Utility electricity is what it is: we may have a choice of billing suppliers, and perhaps several different options at the point of connection (such as smart metering), but the end user sees very little difference: it’s the same product from the same wires. I flip the light switch, and the light comes on. There is very little scope to vary the service, at the point of consumption, to gain significant competitive edge.

Hence, from the end-user’s point of view, electricity is an absolute service: it’s either there, or it isn’t (and usually, it’s there: Britain’s national grid, for instance, works to – and achieves – a 99.9999% reliability target. By comparison, the granddaddy of commoditised IT infrastructure, Amazon AWS, offers 99.95% – lower by a factor of 500).

By contrast, our customers experience IT as much more than a simple on/off service. It is far more complex, multi-faceted, and variable. We could frequently change our electricity supplier, and our customers and end-users would never be aware. However, change one of the many elements of IT with which they interact, though, and we can make a significant difference to their working day.

For many end-users, in fact, the “light switch” experience seems a long way off. A Forrester study of 900 end users and 900 IT professionals, in January 2013, found, for example, that 84% of business users experienced a severe or moderate impact on their ability to be productive on a monthly basis, as a direct result of IT issues. 14% experience difficulties at least once per day. The study also revealed that there’s a large gap between how the business thinks about IT and how IT thinks about itself.

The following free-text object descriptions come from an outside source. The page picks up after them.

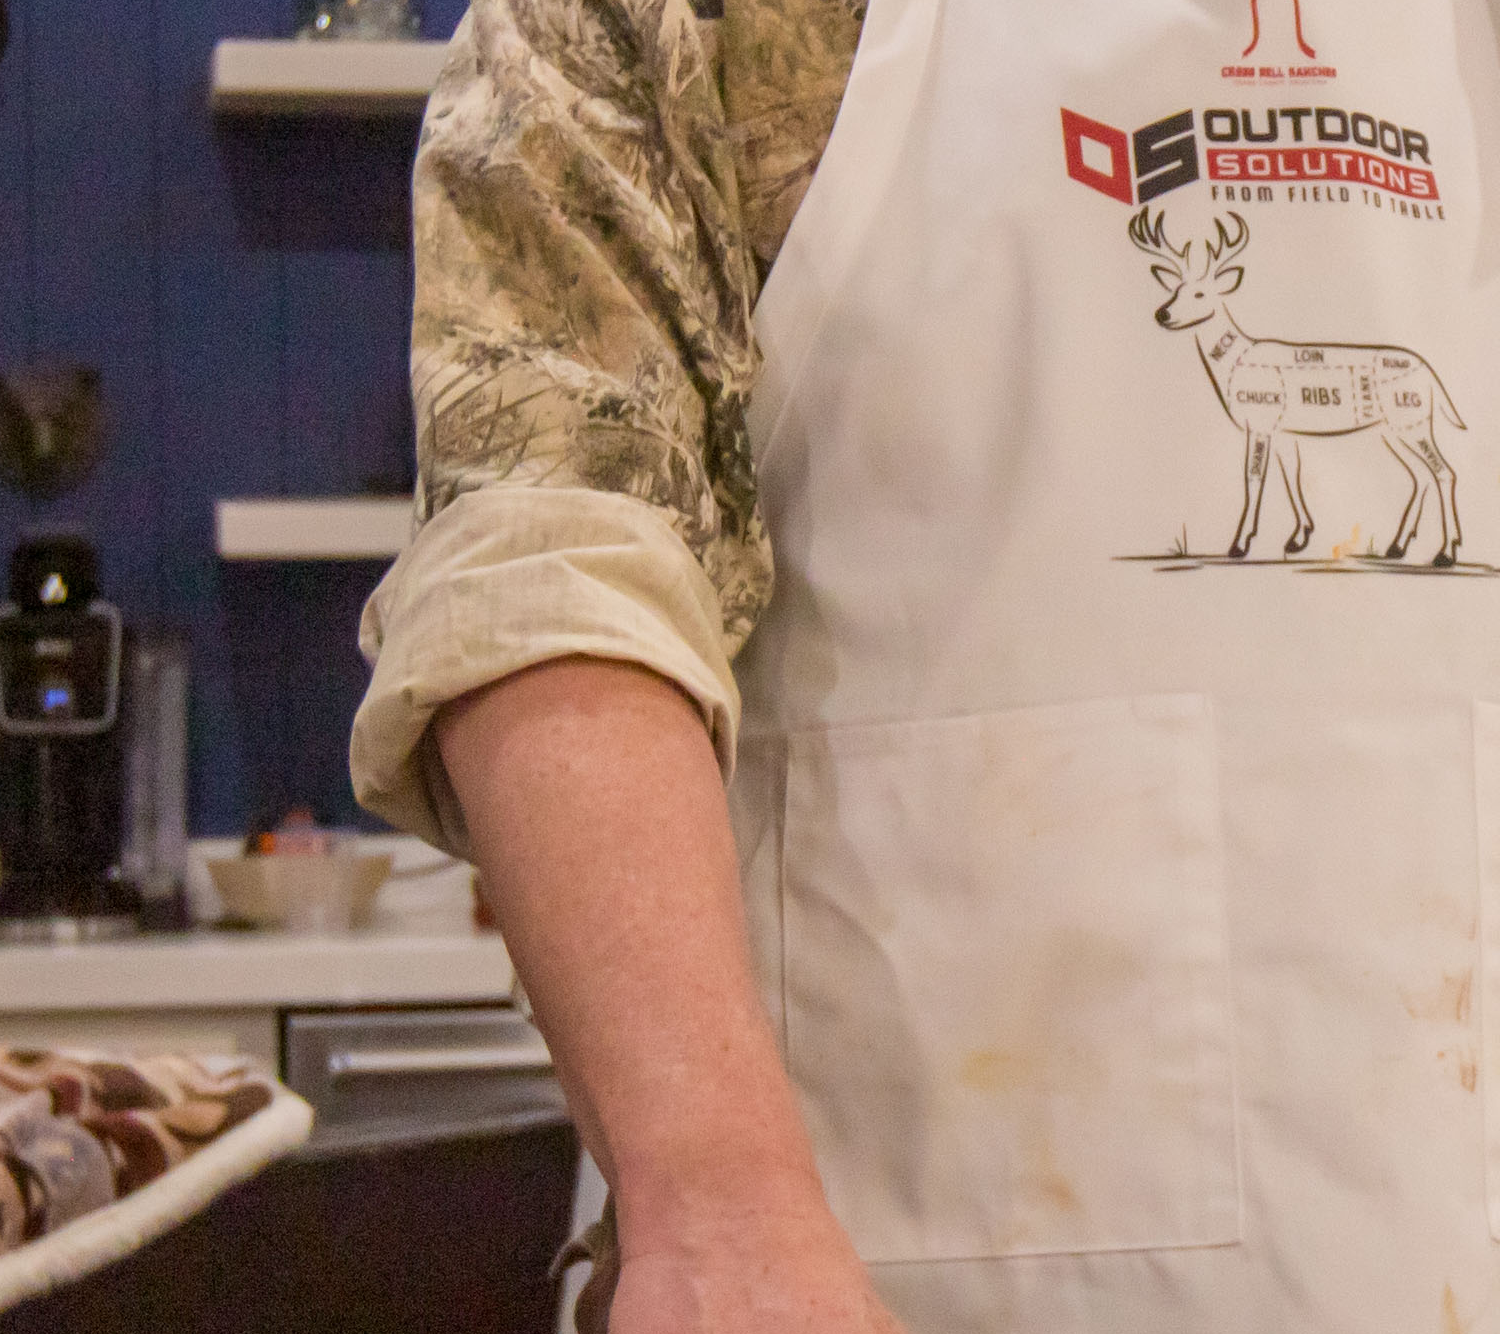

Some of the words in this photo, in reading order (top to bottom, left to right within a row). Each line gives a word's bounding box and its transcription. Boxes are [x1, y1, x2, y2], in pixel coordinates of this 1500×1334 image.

[1203, 107, 1432, 165] OUTDOOR
[1060, 106, 1200, 206] OS
[1215, 152, 1431, 196] SOLUTIONS
[1211, 185, 1274, 203] FROM
[1287, 185, 1350, 203] FIELD
[1362, 189, 1382, 209] TO
[1389, 196, 1447, 221] TABLE
[1294, 349, 1325, 364] LOIN
[1235, 390, 1282, 405] CHUCK
[1301, 386, 1342, 406] RIBS
[1394, 391, 1422, 408] LEG

The difference varies regionally, between 13 to 16 percentage points.

If it’s done well, however, IT is an immensely powerful and proven asset to the business. MITSloan’s seminal 2007 study, “Avoiding the Alignment Trap in Information Technology“, identified a best-of-breed group of organisations delivering true “IT-enabled growth”. This group, representing the top 7% of their large sample, was found to be achieving an average of 35% compound annual growth rate, while spending 15% less than the study average on IT.

Commoditised tools

In our IT Service Management functions, commoditisation is just as much a reality as in any other facet of IT. As Gartner Research Director Jeff Brooks put it, “In the ITSM space, and more specifically the use of ITSM tools for IT Service Desk, we continue to see vendors provide commoditised tools”.  Does that mean, then, all of those tools, and the functions which use them, are as good as they will ever be? Clearly not: in January 2012, Brooks’s organisation observed that the average maturity level in IT Infrastructure and Operations was 2.35 on their 1-to-5 scale: a “disheartening conclusion”. As Brooks added: “Opportunities for differentiation exist, but the vendors have yet to capitalise on those prospects”.

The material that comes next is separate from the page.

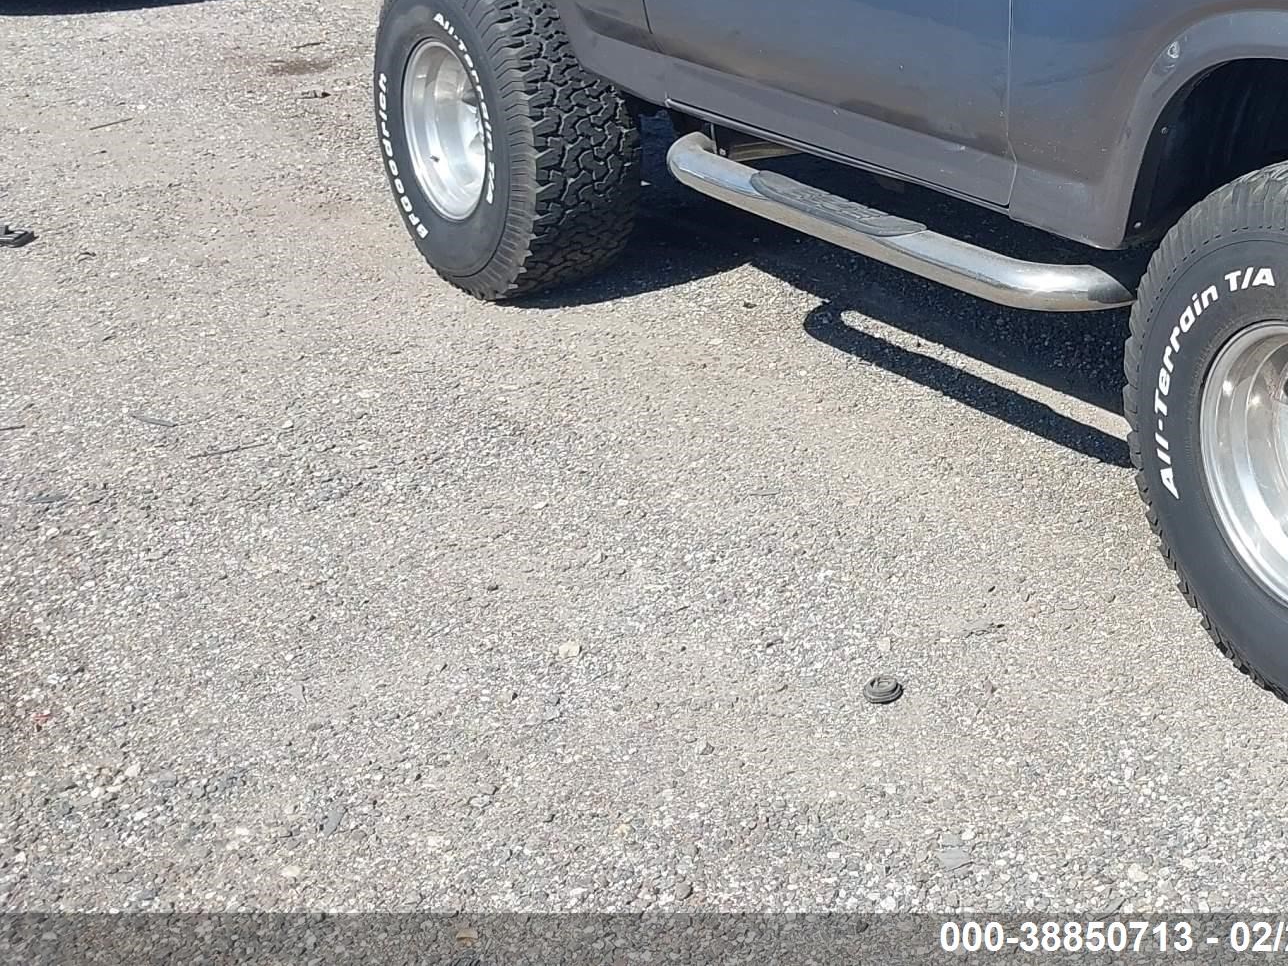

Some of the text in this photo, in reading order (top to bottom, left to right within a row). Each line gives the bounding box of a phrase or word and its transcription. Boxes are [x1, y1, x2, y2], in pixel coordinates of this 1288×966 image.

[379, 73, 429, 239] BFGoodrich
[433, 12, 493, 151] All-Terrain
[1154, 266, 1276, 500] All-Terrain T/A

He’s right. Even as the service desk, or any other ITSM function, becomes ubiquitous enough to be considered by many to have become commoditised, our customers expectations evolve and change. The age of the smartphone has increased mobility, and put leading-edge, location-aware, always-on technologies into homes and pockets. New-look frontline services like Apple’s Genius Bar have created demand for new ways to get support. On-demand commodity services, though convenient, create new management challenges around costs, control, and alignment. We should never consider ourselves finished.

Growth is driven by effective alignment of technology and processes. Henry Ford did not change the car industry simply by switching to standardised services. He created differentiation by aligning great processes with great technology. Some of those technologies, such as his electricity supply, would likely have been the same commodity service consumed by all of Ford’s rivals, but he made the difference with the things he created around them.  Fundamentally, as long as technology and innovation can give one business an edge over another, the role of the technologist – including the CIO and their business unit – will be relevant.

After all, if all companies were to standardise on a single set of commoditised IT offerings today, by tomorrow some of them would have found significant advantages in breaking out of the pattern.